The 2018 Ojai Music Festival welcomes the Mahler Chamber Orchestra (MCO) in its first extended United States residency. Founded in 1997, the Berlin-based MCO defines itself as a free and international ensemble, dedicated to creating and sharing exceptional experiences in classical music. With members spanning 20 different countries, the MCO works as a nomadic collective of passionate musicians uniting for specific projects in Europe and across the world. The MCO forms the basis of the Lucerne Festival Orchestra and maintains long and fruitful artistic relationships with major artists, including Ms. Kopatchinskaja and Mitsuko Uchida, Ojai’s 2021 Music Director. In Ojai, MCO will display its versatility and virtuosity as an orchestral ensemble, in smaller chamber iterations, and also in superb solo performances from individual members.

The JACK Quartet also makes its Ojai debut at the 2018 Festival. Deemed “superheroes of the new music world” (Boston Globe), JACK is dedicated to the performance, commissioning, and spread of new string quartet music. Comprising violinists Christopher Otto and Austin Wulliman, violist John Pickford Richards, and cellist Jay Campbell, the group collaborates with composers of our day, including John Luther Adams, Chaya Czernowin, Simon Steen-Andersen, Caroline Shaw, Helmut Lachenmann, Steve Reich, Matthias Pintscher, and John Zorn. Upcoming and recent premieres include works by Derek Bermel, Cenk Ergün, Roger Reynolds, Toby Twining, and Georg Friedrich Haas. At the 2018 Festival, JACK will perform works by Georg Frederick Haas, Horatio Radulescu, Morton Feldman, George Crumb, Jorge Sanchez-Chiong, and John Luther Adams.

Major projects will include two semi-staged concerts conceived and directed by Ms. Kopatchinskaja. The first, which opens the Festival on Thursday night, is Bye Bye Beethoven. Ms. Kopatchinskaja describes the concert as a commentary on “the irrelevance of the classic concert routine for our present life.”  This program features a mash-up of music by Charles Ives, John Cage, Joseph Haydn, György Kurtág, Johann Sebastian Bach, and the Beethoven Violin Concerto. This marks the US premiere of Bye Bye Beethoven, which was premiered at the Hamburg International Music Festival and subsequently staged in Berlin.

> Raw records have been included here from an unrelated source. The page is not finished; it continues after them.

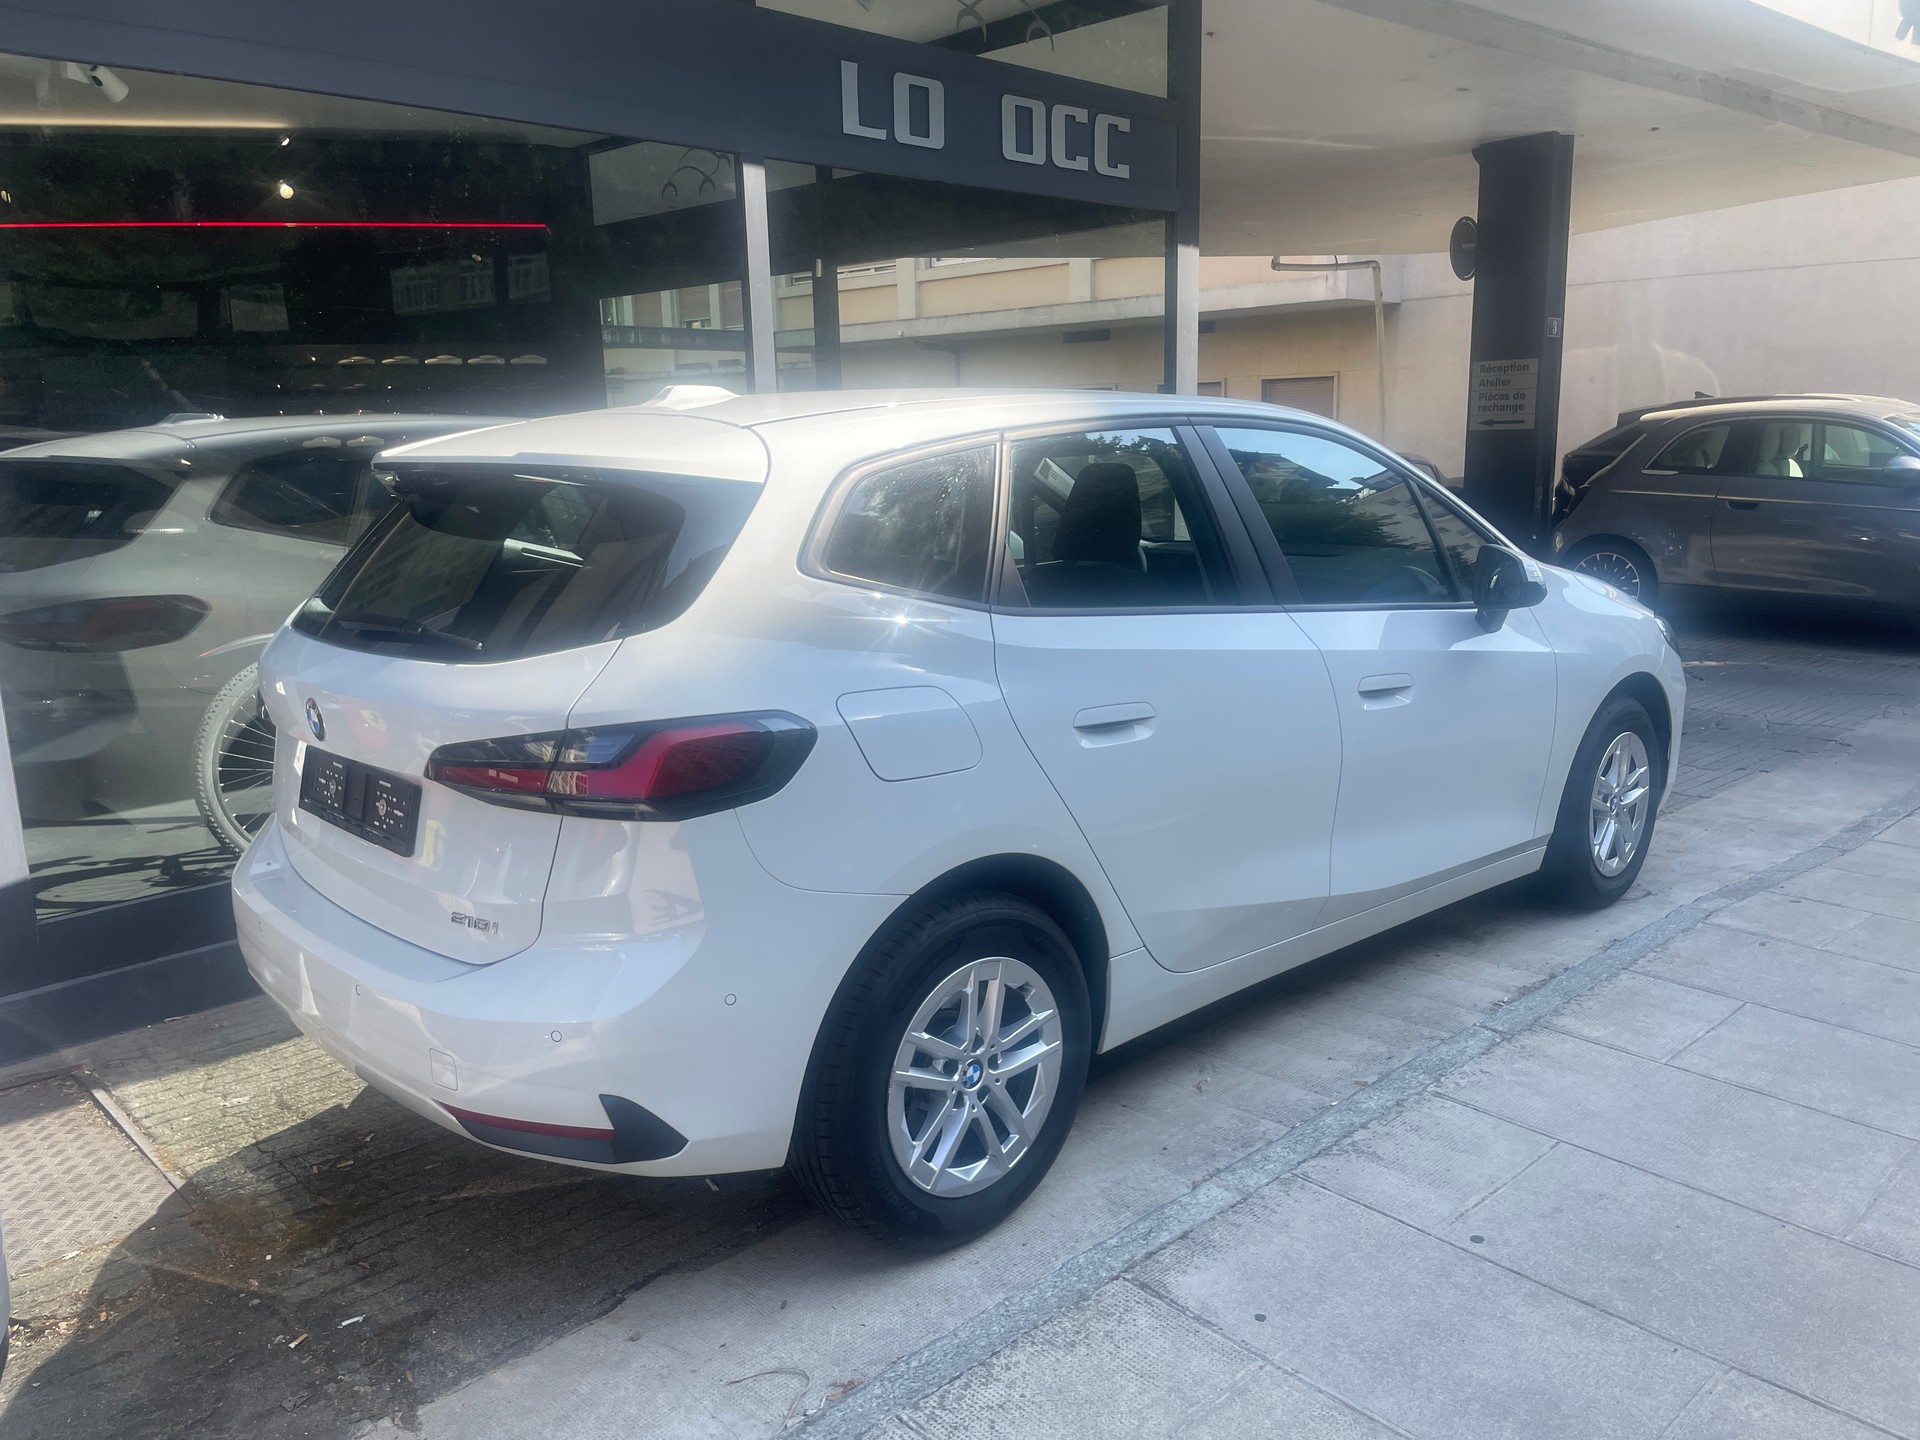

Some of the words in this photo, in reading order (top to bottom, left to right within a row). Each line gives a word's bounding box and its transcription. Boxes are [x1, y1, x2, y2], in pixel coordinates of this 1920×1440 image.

[841, 60, 945, 150] LO
[1001, 94, 1130, 179] OCC
[1480, 362, 1530, 374] Réception
[1478, 377, 1512, 388] Atelier
[1478, 391, 1510, 401] Pièces
[1513, 390, 1526, 400] de
[1477, 402, 1525, 413] rechange
[451, 911, 499, 935] 218i

This production marked the fourth collaboration between Ms. Kopatchinskaja and the Mahler Chamber Orchestra.  Bye Bye Beethoven involves musicians in both conventional and unconventional roles, encounters with different musical genres – including a collaboration with sound designer Jorge Sanchez-Chiong – and discourse among sound, space and imagery.

The second semi-staged concert conceived and directed by Ms. Kopatchinskaja is a provocative commentary on the consequences of global warming. Titled Dies Irae, the program is an aesthetic reflection of a time rife with global warming, wars over resources, and refugee crises. Musical selections include Heinrich Ignaz Franz Biber, George Crumb, Michael Hersch, Byzantine chant, Giacinto Scelsi, and Galina Ustvolskaya’s remarkable Dies Irae for eight double basses, piano, and wooden box. The evening performance on Saturday, June 9 marks its American premiere.

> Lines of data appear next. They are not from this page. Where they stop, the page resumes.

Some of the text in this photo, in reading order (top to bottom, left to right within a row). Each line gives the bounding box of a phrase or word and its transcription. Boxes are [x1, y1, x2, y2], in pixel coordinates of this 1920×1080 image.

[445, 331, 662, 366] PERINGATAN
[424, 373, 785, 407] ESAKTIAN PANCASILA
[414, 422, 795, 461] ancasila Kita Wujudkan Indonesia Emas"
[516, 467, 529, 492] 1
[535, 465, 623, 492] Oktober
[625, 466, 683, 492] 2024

A new work, I hope we get a chance to visit soon by American composer Michael Hersch – described by him as a dramatic narrative for two sopranos and eight instrumentalists – will receive its world premiere at the 2018 Ojai Music Festival, with subsequent performances at Cal Performances’ Ojai at Berkeley and at Great Britain’s venerable Aldeburgh Festival. Performing in the premiere will be sopranos Ah Young Hong and Kiera Duffy, alto saxophone player Gary Louie, and members of the Mahler Chamber Orchestra conducted by Tito Munoz. Set to poetry and text by Rebecca Elson, Mary Harris O’Reilly, and Christopher Middleton, the new work is commissioned by the Ojai Music Festival, Cal Performances Berkeley, Aldeburgh Festival, and PN Review. Mr. Hersch, who wrote a violin concerto for Ms. Kopatchinskaja two years ago, is considered one of the most gifted composers of his generation. He currently serves on the composition faculty at the Peabody Institute of the Johns Hopkins University.  The Friday, June 8 premiere follows works by Carl Philip Emmanuel Bach, Jorge Sanchez-Chiong, and piano music by Bull, Byrd, and Purcell performed by Anthony Romaniuk.

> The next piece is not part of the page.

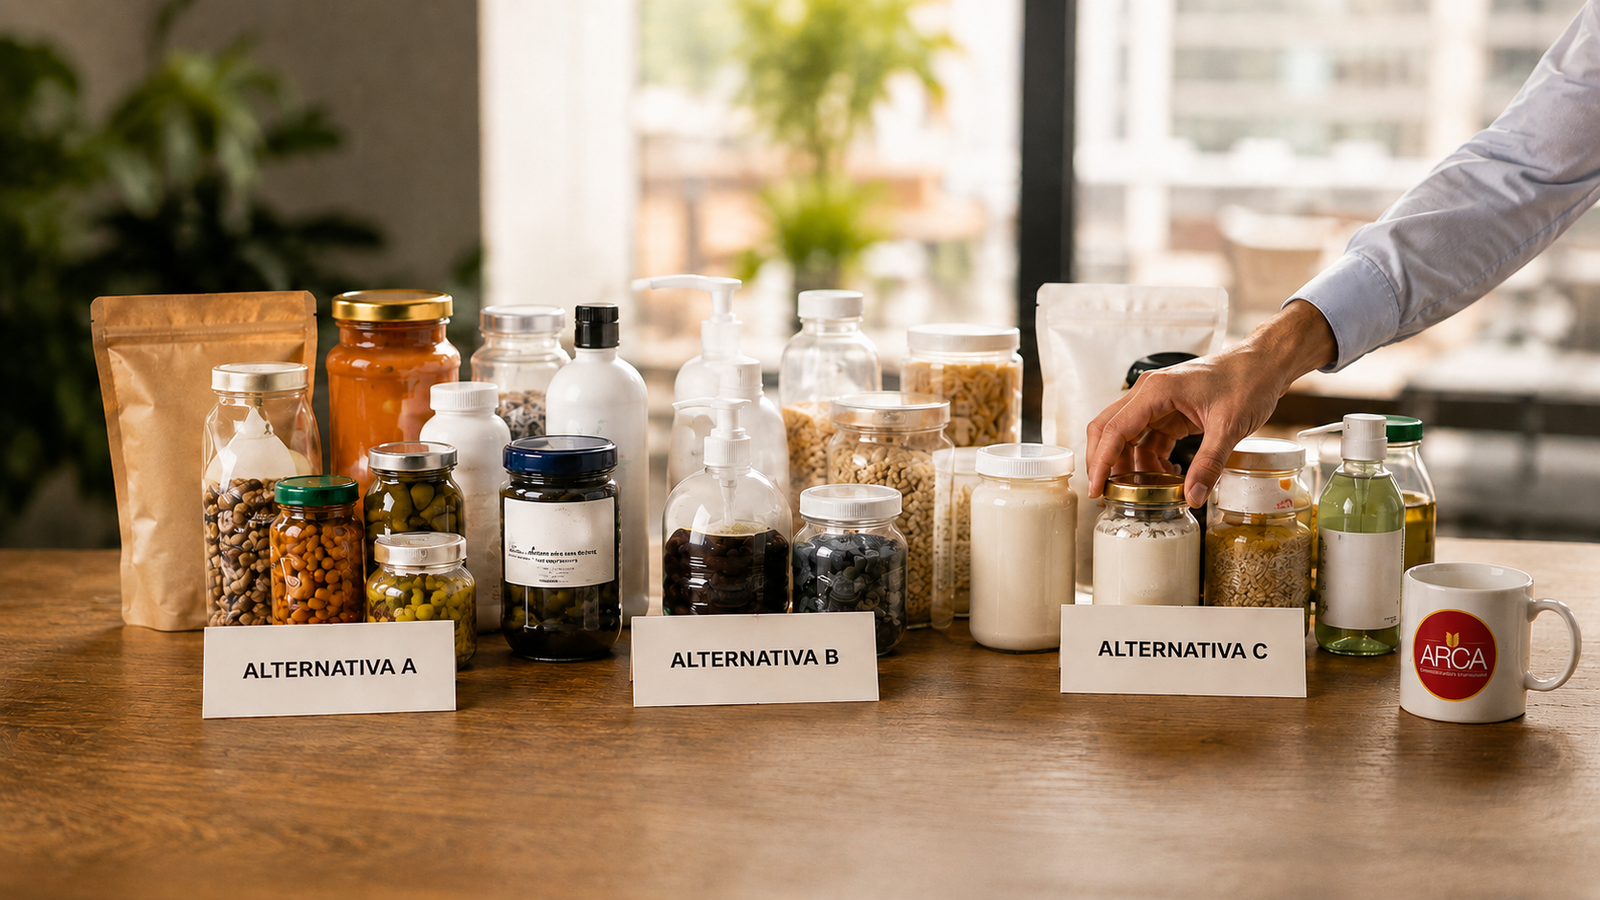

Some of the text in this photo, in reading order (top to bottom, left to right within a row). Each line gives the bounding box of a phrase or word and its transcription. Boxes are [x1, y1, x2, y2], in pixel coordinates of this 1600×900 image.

[670, 648, 839, 669] ALTERNATIVA B
[1098, 640, 1268, 660] ALTERNATIVA C
[1420, 644, 1488, 670] ARCA
[242, 657, 418, 680] ALTERNATIVA A

Featured on Friday afternoon (June 8) will be the music of Russian composer Galina Ustvolskaya, described by Alex Ross as “one of the century’s grand originals.” Kopatchinskaja has long been a passionate advocate of Ustvolskaya’s music and will perform her Duet and Sonata with pianist Markus Hinterhäuser. Hinterhäuser, who is also the Intendant of the Salzburg Festival, will perform all six of her piano sonatas. Ustvolskaya’s powerful Dies irae will be featured in the Saturday evening concert of the same title.

Additional programming highlights include Kurtag’s Kafka Fragments; Stravinsky’s L’Histoire du Soldat on the occasion of its centennial; major chamber and piano music by Galina Ustvolskaya; as well as Romanian and Moldavan folk music performed by Ms. Kopatchinskaja and her parents, Viktor and Emilia Kopatchinsky on cimbalom and violin. The Festival closes with the Ligeti Violin Concerto performed by Patricia Kopatchinskaja.

Free Community Concerts
The 2018 Festival continues to build on its commitment to reach broader audiences with several opportunities for all to experience Ojai offerings. On Thursday June 7, following the three-part Ojai Talks dialogues, the Festival commences the first in a series of five free concerts in the Gazebo of Libbey Park, featuring performances of Luciano Berio’s Sequenzas for solo instruments performed by members of the Mahler Chamber Orchestra. On Saturday morning (June 9), Viktor Koptachinsky will perform in works for cimbalon at the Gazebo hosted by his daughter Patricia and Artistic Director Thomas W. Morris. Ms. Kopatchinskaja and Jorge Sanchez-Chiong, electronics, will perform Luigi Nono’s La lontanaza nostalgica utopia futura in a free concert on Thursday evening in Libbey Park, preceding the Festival’s first main Libbey Bowl concert of Ms. Kopatchinskaja’s semi-staged concert Bye Bye Beethoven.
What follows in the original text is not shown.